What is the nurse's priority for a client with Guillain-Barré syndrome?
- A. Monitor respiratory function.
- B. Assess pain levels.
- C. Check skin integrity.
- D. Evaluate bowel function.
Correct Answer: A
Rationale: Monitoring respiratory function is the priority due to potential respiratory muscle weakness in Guillain-Barré syndrome.
A client has a history of heart failure and has been taking several medications, including furosemide (Lasix), digoxin (Lanoxin) and potassium chloride. The client has nausea, blurred vision, headache, and weakness. The nurse notes that the client is confused. The telemetry strip shows first-degree atrioventricular block. The nurse should assess the client for signs of which condition?
- A. Hyperkalemia.
- B. Digoxin toxicity.
- C. Fluid deficit.
- D. Pulmonary edema.
Correct Answer: B
Rationale: Nausea, blurred vision, confusion, and AV block are classic signs of digoxin toxicity, especially in a client taking digoxin, requiring immediate assessment.
The nurse evaluates that the client correctly understands how to report signs and symptoms of bleeding when the client makes which of the following statements?
- A. Petechiae are large, red skin bruises.'
- B. Ecchymoses are large, purple skin bruises.'
- C. Emmum is an open cut on the skin.'
- D. Abrasions are small pinpoint red dots on the skin.'
Correct Answer: B
Rationale: Ecchymoses are large, purple bruises caused by bleeding under the skin, a common sign of thrombocytopenia. This statement shows correct understanding. Petechiae are small, pinpoint red dots, not large bruises; 'emmum' is not a medical term; and abrasions are superficial skin injuries, not bleeding signs.

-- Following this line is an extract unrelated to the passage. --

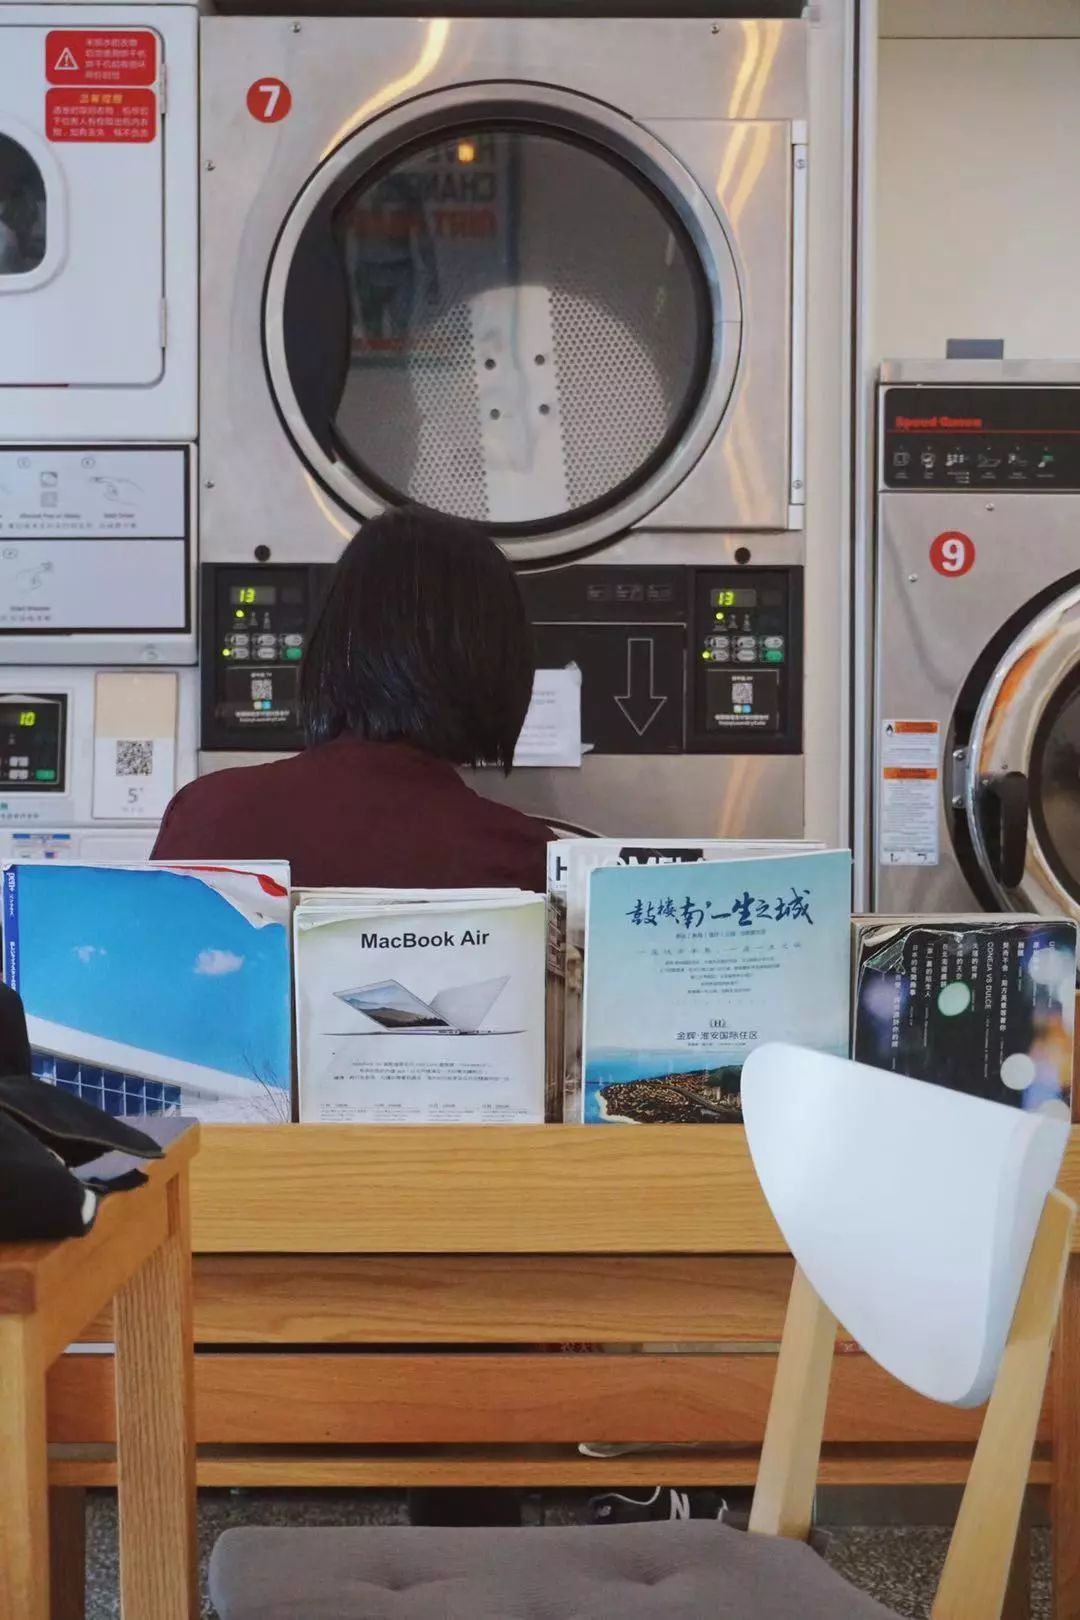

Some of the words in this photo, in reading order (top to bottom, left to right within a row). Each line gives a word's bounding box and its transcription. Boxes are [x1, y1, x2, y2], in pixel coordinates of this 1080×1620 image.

A client with leukemia is admitted with a white blood cell count of 2,000/mm³ and a fever of 101.8°F (38.8°C). The nurse should initiate:
- A. Contact precautions.
- B. Reverse isolation.
- C. Standard precautions.
- D. Droplet precautions.
Correct Answer: B
Rationale: A low white blood cell count (2,000/mm³) with fever indicates neutropenia and high infection risk, necessitating reverse isolation to protect the client from pathogens.